Os ventos (e outros contos), de Eudora Welty

Por Pedro Belo Clara 



Nascida no estado do Mississípi, durante a primeira década do século passado, Eudora Welty desenvolveu um trabalho sólido e veramente diversificado, o que lhe valeu a digna integração no restrito lote das mais marcantes personalidades da literatura estadunidense do século XX.

Embora se tenha dedicado de forma mais constante à narrativa breve, de igual modo revelou os seus brilhantes dotes na área do romance e até do ensaio, conquistando em 1973 o Prémio Pulitzer com a obra The Optimist’s Daughter (numa tradução livre, “A Filha do Optimista” – obra que até à data ainda não mereceu uma versão portuguesa).

Os temas em regra propostos pela autora, assim como as suas pessoais abordagens ao processo narrativo, não sofreram grandes flutuações de obra para obra. Tendo por base o cenário que frequentemente imprimia em seus trabalhos, assim como o descrever dos costumes da época, Welty evoca traços que facilmente se encontrarão em autores como John Steinbeck, Carson McCullers, Erskine Caldwell ou Flannery O’Connor, muito por culpa do vincado regionalismo que igualmente os celebrizou. Mesmo assim, e de forma indubitável, Welty trilhou rumos próprios, afirmando não só o seu peculiar génio criativo como a sua preciosa singularidade.

Antes de prosseguirmos, revela-se importante realçar que Os ventos (e outros contos) é uma antologia organizada pela editora portuguesa Antígona, resgatando alguns dos mais emblemáticos contos que autora produziu entre 1941 e 1963 – e que, pela própria, foram coligidos sob outras epígrafes. Ainda assim, o trabalho de selecção e de organização dos mesmos é deveras louvável, uma vez que não só cumpre o objectivo de apresentar, de forma clara e fluida, sem barreiras de maior, o trabalho da autora ao leitor mais curioso, como igualmente consegue compilar a parte mais significativa da obra de Welty. Acredite, caro leitor, que devido à sua diversidade tal nem sempre é sobejamente alcançado.

Assim, ao longo do livro, tomar-se-á contacto com o universo de uma observadora nata, em especial com um realismo que facilmente extrapola as suas próprias fronteiras. De situações quotidianas banais retiram-se profundos sentidos, pois em todas elas se estampa a fina marca do Homem e sua condição, comum a todos nós – independentemente dos credos, géneros, cores, origens ou estatutos sociais. 

Adoptando ora um discurso levemente irónico e humorista, sem nunca se despojar da devida elegância, ora marcadamente poético, qual inspirada criadora de cativantes atmosferas, Welty pinta retratos fiéis das realidades de sua época, comportamentos e mentalidades, impregnados de preocupações sociais e raciais (não se olvidem as incidências da turbulenta época que testemunhou em seu país). 

Através de tudo isto, de forma clara e aberta, revela a sua grande paixão e curiosidade pelo género humano e suas intrincadas peculiaridades de carácter, assim como as nuances que mais sobressaem das relações interpessoais. A isto somente acresce as diferentes abordagens que os contos integrantes são alvo, denunciando não só a sua extensa criatividade como a evolução artística da própria autora.

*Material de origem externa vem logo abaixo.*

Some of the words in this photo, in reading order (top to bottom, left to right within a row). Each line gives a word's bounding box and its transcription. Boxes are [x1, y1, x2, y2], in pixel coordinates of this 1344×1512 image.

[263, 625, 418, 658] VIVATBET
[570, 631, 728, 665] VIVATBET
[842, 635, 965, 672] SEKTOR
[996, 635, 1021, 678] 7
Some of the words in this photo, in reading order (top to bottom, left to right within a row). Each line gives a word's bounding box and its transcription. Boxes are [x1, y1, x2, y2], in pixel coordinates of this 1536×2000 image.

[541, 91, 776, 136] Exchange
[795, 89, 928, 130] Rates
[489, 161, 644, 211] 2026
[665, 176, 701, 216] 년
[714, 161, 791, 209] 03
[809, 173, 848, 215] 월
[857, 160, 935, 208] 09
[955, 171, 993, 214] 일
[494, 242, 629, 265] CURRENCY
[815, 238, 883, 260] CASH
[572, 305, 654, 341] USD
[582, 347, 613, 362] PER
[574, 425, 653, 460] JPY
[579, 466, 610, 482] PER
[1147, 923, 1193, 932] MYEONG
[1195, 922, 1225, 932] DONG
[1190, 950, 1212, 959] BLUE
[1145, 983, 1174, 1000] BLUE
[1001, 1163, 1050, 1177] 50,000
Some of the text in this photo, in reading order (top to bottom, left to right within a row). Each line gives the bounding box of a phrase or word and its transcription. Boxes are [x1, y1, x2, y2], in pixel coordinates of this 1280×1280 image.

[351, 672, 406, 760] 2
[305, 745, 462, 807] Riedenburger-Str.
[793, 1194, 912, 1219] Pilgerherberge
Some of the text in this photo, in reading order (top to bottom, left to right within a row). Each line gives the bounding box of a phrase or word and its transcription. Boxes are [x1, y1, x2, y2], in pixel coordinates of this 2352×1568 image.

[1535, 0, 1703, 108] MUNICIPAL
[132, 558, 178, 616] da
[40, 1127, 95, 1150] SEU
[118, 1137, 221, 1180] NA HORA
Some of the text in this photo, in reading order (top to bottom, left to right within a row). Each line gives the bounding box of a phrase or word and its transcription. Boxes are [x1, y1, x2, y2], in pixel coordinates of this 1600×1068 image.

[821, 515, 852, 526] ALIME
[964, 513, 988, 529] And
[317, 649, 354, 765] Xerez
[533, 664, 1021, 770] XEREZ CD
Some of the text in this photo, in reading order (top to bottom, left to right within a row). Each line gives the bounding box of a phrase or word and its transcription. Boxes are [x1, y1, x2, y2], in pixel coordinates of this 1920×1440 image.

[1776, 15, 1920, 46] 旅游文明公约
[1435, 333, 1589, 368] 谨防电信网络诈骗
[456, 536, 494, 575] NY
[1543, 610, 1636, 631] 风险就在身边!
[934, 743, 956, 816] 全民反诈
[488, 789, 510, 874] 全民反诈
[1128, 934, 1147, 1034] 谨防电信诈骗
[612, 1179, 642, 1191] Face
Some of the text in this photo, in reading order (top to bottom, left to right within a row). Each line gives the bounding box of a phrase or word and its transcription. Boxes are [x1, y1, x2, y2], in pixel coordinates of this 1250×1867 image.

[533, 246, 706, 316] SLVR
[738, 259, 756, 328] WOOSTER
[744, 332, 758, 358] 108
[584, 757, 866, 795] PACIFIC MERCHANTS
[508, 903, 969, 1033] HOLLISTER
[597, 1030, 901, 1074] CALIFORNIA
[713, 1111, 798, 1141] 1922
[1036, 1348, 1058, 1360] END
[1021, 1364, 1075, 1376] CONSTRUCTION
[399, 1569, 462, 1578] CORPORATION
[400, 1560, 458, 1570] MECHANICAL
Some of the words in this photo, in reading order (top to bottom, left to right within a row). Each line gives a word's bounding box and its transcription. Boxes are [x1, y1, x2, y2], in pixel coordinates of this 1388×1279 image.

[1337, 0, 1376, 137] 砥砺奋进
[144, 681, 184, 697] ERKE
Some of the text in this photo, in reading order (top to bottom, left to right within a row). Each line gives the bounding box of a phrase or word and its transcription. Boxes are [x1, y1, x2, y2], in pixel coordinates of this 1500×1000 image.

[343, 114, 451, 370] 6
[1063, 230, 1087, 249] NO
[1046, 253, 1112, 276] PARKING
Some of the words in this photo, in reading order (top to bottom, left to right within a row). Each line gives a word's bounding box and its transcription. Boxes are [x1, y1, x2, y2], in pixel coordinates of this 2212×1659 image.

Para muitos notáveis da literatura, e não esqueçamos que William Faulkner foi um dos mais fiéis apoiantes e admiradores desta engenhosa escritora, o Nobel seria um justo reconhecimento pelo valor do seu trabalho. Provavelmente, Welty pagou o preço de ser uma mulher de grande coragem e talento numa sociedade marcadamente masculina e (ainda) preconceituosa. 

Seja como for, a obra da autora que nos deixou em 2001, de cariz literário e fotográfico (mais um dos seus admiráveis talentos), é o legado que permaneceu com o lento contar dos anos e que por si mesmo se defende e justifica, rejeitando toda e qualquer salvação ou denúncia. Mas, a haver alguém com o estrito direito de julgar, que seja, então, o seu leitor mais dedicado.


* Este texto aparece pela primeira vez no extinto site Amanhã ou depois e foi revisado pelo autor para reapresentação aqui.